Before electricity, horses used to use their horse muscles to pull machines and make all the parts move! 

So when Newton went about with the recoinage, taking the old clipped money out of circulation and reminting it, he put his math and science brain to work, and figured out the optimum speed at which the 500 men and 50 horses should operate the production line of molten silver.

It hasn’t been that long since we phased out getting actual power from the use of live horses, which is why the phrase “horsepower” is still applied to things (like car engines) that have absolutely nothing to do with horses.

How did Robert Hooke die?

First of all, you Boogaras, Newton didn’t kill Hooke — let’s debunk that one right away. There’s literally no evidence of that and it’s not even been theorized. It’s actually all rather normal, as far as deaths go. Hooke died at the age of 68, which is a totally respectable old age for those times! Sure, Newton held a grudge against Hooke until his age-appropriate-for-the-era death, but they were also kind of frenemies who perhaps butted heads because they had so much in common. They corresponded for years, and had gone through other periods when Newton was mad at Hooke (or vice versa) for one totally nerdy reason or another. If Newton had just been able to acknowledge that he hadn’t come up with these theories in a vacuum, that of course he was building off of existing knowledge, maybe they could’ve made up! But it’s also worth noting that Newton wasn’t the only fellow scientist that Hooke squabbled with, and he too, like Newton, became more of a hermit with age. Sounds like two very fun, very chill dudes.
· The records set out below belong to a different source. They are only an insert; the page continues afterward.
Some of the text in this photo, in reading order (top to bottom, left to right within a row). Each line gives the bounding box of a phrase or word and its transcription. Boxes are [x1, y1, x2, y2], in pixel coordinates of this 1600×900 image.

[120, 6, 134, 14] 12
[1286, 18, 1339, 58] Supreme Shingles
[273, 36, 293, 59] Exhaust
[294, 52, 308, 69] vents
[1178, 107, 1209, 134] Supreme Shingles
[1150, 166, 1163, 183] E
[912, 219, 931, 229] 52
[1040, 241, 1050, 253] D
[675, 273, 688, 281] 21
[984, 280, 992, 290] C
What was Newton’s actual *job* at the Mint?

As you might’ve gathered, the 1690s were a bad time for English currency. The massive debts run up by ongoing wars in France compounded with an epidemic of counterfeiting and coin-clipping. I’m no economist, but when the materials your currency is made out of are worth more than the currency itself, ya got a problem. Basically, Newton’s job was to solve this huge financial crisis. He thought of the recoinage (removing and replacing the devalued, clipped currency from circulation — shouldn’t take a genius to think of that one, but apparently back then, it did) and he successfully implemented it. He also went about taking the counterfeiters and clippers themselves out of circulation. 

As The Professor mentioned, police didn’t yet exist in the 1690s. (It wasn’t until 1829 that the British government established the Metropolitan Police.) But justices of the peace in many ways were similar, only less militaristic; they could make arrests, search premises, and charge people with crimes. Newton himself became a justice of the peace in at least seven counties, and employed undercover agents to scope out the counterfeiters, like Chaloner.

Newton wasn’t just rewarded with the satisfaction of a job well-done, however; he made bank (like, figuratively in this instance). Newton’s income was as large as £2,000 per year by the end of his tenure, which was a huge amount of money for the time. And he was given rooms at the Tower of London — totally sweet, albeit haunted, digs. Later he moved to some of London’s fanciest neighborhoods.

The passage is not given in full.